Volvieron los amigos. Brindemos porque ya

encontré a alguien…” Suben las voces claras

estirando las sílabas, los diptongos vocálicos

de nuevo: “Esta noche somos jóvenes,

incendiemos el mundo… El humor


está conmigo, no tengo por qué

escaparme, que venga alguien esta noche”.

Si entendiera el inglés, me sorprendería

aún más cerca del llanto ese llamado

al cielo oscuro que encienden mis tres hijas:

“No llegaron los ángeles, nunca, pero

puedo escuchar su coro, que venga alguien

esta noche, somos jóvenes”. Un amigo

poeta me comenta que la frase

no se aplica a nosotros. Angelina

mueve el arco y el violonchelo llora

porque el momento de máximo brillo

está siempre muy cerca del final.

A esa declaración de los derechos

de chicos que se encienden por instantes

le dicen “diversión”. Pero los que brindamos

pasamos ya la parte que subía

del camino dantesco.

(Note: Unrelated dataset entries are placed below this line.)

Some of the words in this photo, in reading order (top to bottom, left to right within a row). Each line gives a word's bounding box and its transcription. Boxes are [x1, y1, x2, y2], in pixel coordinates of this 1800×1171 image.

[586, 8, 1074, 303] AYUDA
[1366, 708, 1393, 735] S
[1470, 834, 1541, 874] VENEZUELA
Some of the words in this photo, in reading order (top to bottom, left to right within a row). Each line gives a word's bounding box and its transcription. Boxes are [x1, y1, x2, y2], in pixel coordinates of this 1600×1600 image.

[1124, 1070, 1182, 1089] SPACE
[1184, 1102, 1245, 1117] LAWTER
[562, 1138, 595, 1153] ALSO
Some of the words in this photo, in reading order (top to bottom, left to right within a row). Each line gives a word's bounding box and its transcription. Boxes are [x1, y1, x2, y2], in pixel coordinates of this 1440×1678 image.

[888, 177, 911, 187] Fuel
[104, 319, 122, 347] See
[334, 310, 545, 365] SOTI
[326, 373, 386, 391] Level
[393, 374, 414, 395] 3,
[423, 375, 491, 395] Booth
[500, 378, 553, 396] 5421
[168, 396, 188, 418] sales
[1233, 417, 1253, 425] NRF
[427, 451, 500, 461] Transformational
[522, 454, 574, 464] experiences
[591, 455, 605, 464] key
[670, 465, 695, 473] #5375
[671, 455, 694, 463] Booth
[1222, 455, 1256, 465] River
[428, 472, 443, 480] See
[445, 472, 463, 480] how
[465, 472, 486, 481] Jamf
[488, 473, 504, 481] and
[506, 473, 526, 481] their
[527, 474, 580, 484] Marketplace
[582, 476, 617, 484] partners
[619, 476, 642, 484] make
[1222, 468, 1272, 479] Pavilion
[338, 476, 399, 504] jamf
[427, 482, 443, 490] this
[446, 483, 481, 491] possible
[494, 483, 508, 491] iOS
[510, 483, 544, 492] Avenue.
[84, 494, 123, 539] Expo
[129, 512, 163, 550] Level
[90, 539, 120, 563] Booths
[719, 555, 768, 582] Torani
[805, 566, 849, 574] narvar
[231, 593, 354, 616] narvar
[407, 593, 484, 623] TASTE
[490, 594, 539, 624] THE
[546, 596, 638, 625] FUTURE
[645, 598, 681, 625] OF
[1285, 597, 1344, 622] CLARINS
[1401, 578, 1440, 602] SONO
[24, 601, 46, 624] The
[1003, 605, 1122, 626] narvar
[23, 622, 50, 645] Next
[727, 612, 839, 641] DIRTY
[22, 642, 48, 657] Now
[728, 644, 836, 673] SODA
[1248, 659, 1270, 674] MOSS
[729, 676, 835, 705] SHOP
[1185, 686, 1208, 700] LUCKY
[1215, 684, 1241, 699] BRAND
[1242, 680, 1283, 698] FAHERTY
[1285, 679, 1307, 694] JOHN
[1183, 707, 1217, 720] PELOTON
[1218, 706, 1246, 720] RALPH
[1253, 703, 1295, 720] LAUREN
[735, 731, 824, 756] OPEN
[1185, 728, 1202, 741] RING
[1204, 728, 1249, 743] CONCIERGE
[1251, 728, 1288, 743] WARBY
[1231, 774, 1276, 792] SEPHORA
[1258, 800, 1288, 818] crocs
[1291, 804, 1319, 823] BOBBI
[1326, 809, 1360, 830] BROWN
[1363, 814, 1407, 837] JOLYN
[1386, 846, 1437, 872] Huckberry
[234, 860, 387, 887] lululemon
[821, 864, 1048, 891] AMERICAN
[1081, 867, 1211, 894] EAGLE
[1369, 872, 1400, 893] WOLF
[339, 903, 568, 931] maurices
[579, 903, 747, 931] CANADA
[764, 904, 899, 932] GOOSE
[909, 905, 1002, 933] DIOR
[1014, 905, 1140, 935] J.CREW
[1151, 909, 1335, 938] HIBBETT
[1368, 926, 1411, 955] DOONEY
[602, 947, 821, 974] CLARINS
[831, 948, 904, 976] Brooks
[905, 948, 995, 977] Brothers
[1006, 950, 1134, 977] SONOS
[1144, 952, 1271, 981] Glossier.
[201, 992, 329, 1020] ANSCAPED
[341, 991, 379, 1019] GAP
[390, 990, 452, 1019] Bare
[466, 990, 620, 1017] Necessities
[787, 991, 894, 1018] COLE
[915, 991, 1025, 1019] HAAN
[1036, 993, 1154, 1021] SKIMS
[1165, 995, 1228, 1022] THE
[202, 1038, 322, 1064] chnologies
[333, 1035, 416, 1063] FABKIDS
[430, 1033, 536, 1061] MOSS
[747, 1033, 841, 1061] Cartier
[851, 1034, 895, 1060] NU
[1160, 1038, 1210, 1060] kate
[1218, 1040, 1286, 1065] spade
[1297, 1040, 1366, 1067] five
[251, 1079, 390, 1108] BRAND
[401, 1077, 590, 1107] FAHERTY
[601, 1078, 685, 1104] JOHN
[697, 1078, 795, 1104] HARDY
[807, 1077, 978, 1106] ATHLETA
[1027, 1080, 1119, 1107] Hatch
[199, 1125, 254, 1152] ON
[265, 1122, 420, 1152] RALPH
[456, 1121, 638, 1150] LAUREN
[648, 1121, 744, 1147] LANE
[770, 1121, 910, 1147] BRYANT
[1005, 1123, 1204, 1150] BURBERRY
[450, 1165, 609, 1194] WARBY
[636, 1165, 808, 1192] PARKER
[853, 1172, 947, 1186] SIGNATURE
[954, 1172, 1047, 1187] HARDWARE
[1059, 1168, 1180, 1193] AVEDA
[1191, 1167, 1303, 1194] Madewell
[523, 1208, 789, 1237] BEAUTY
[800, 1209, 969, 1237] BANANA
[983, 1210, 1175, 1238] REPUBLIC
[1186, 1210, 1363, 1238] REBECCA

La noche que prendimos

se parece a un recuerdo, aunque las sílabas

“nai-ia-ia-aaai”, que estiran el final

de la palabra “noche”, la convierten en vela

intacta, blanca, fría, para después.

No somos jóvenes, nadie va a venir

a buscarnos. La lágrima escondida

en la cara de un padre se transforma

en cera. Las tres van a ascender dentro de poco

a las desdichas de la autonomía

y yo las tapo con algo de silencio

para que no se apague esta noche, “tonight


we are young”, brillen más, préndanse más que el sol.